If a line in the listing contains "DUTY", copy it out whole.
== Segment start ==
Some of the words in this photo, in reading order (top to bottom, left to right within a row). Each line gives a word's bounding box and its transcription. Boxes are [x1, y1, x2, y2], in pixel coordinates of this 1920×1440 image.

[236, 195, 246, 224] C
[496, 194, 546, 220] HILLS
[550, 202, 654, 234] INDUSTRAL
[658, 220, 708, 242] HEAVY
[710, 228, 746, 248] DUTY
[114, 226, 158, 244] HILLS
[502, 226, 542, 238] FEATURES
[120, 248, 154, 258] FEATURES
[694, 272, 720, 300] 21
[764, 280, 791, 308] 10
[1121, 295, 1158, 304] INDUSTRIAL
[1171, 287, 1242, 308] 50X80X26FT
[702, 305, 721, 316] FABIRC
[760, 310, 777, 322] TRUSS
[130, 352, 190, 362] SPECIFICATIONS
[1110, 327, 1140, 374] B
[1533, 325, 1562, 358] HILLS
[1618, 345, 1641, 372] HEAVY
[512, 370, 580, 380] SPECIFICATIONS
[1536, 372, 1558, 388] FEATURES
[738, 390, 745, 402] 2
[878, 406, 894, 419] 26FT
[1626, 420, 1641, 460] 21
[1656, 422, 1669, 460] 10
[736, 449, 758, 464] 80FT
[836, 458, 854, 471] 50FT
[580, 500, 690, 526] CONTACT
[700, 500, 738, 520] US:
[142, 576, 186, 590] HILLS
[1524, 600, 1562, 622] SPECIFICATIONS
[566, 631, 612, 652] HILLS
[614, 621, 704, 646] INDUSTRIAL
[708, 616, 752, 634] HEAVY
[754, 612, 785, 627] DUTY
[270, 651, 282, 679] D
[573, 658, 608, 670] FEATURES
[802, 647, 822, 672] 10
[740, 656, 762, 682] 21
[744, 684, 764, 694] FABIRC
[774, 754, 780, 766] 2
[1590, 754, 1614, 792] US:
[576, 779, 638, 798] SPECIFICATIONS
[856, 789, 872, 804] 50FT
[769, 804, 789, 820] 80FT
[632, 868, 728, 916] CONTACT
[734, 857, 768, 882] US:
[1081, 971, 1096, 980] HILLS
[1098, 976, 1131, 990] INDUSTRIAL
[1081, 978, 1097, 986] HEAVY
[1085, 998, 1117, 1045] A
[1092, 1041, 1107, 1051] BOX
== Segment end ==
**Solution for this exercise:**
[710, 228, 746, 248] DUTY
[754, 612, 785, 627] DUTY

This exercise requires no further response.